Records from a dataset:
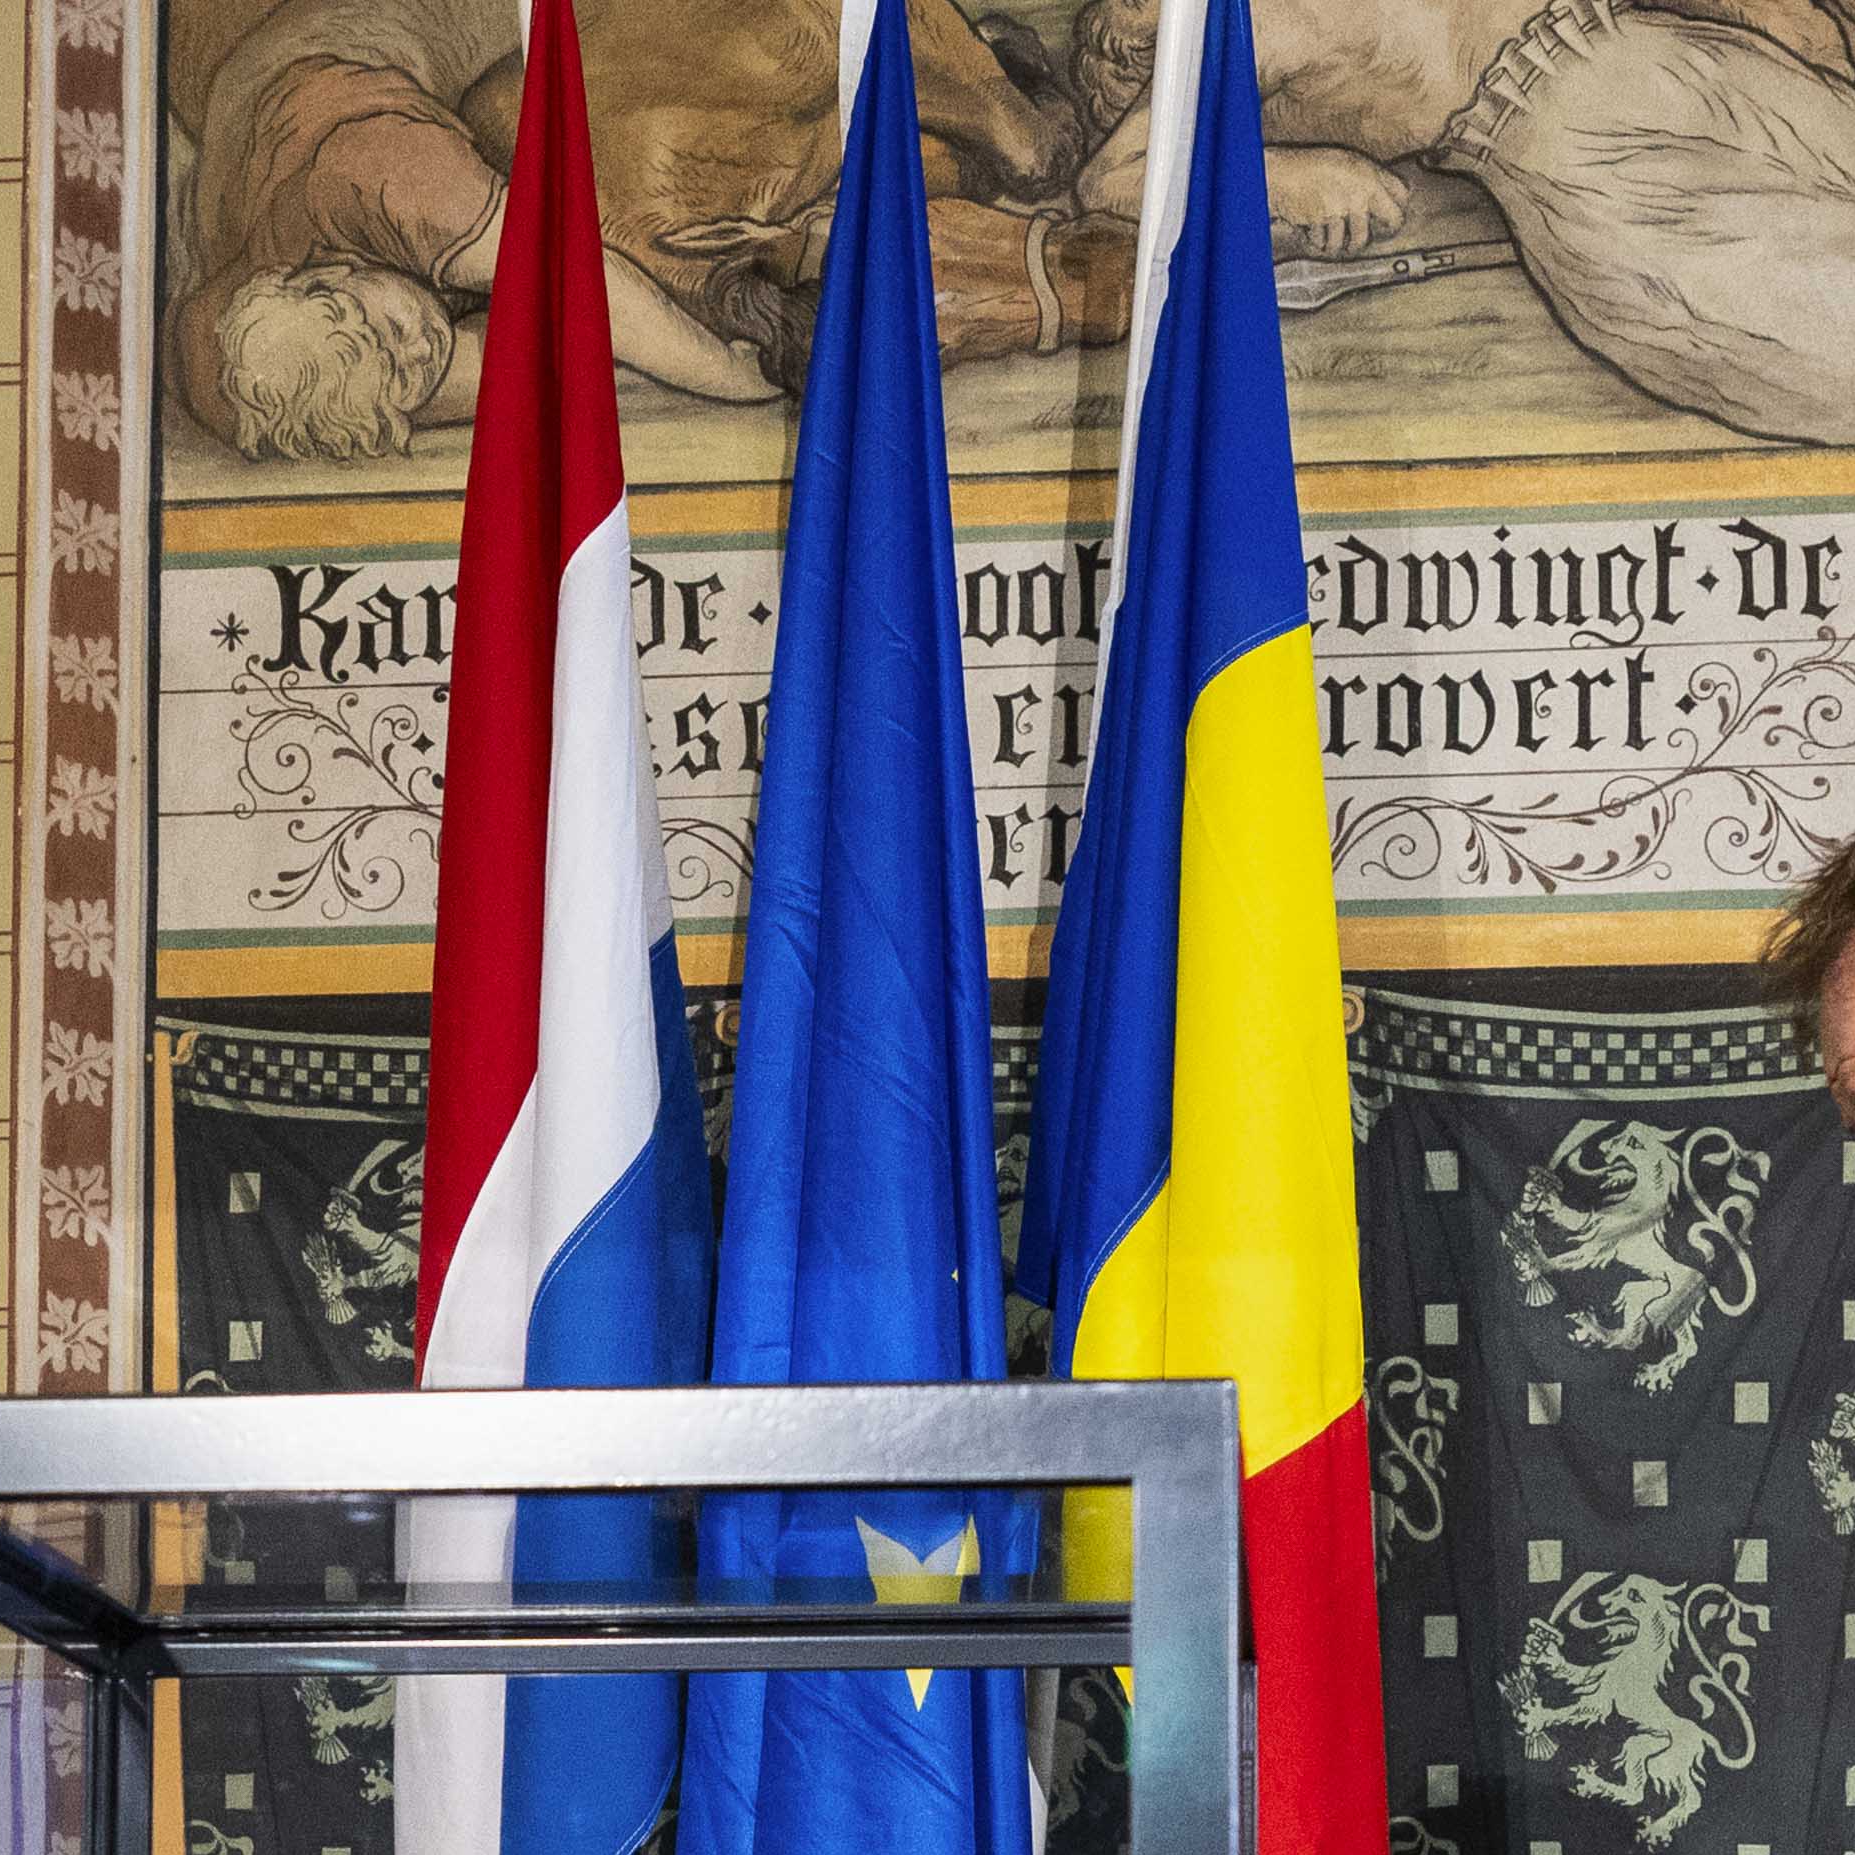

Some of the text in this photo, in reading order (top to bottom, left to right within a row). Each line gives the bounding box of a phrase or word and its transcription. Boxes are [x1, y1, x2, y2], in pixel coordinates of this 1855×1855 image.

[262, 563, 458, 684] Kar
[962, 539, 1113, 648] oot
[1719, 517, 1843, 621] de
[1319, 647, 1656, 758] rovert

WORK TO COMPLETE =
Give the data again word for word, without images.

ANSWER TO THIS PROBLEM =
Some of the text in this photo, in reading order (top to bottom, left to right within a row). Each line gives the bounding box of a phrase or word and its transcription. Boxes are [x1, y1, x2, y2], in pixel coordinates of this 1855×1855 image.

[262, 563, 458, 684] Kar
[962, 539, 1113, 648] oot
[1719, 517, 1843, 621] de
[1319, 647, 1656, 758] rovert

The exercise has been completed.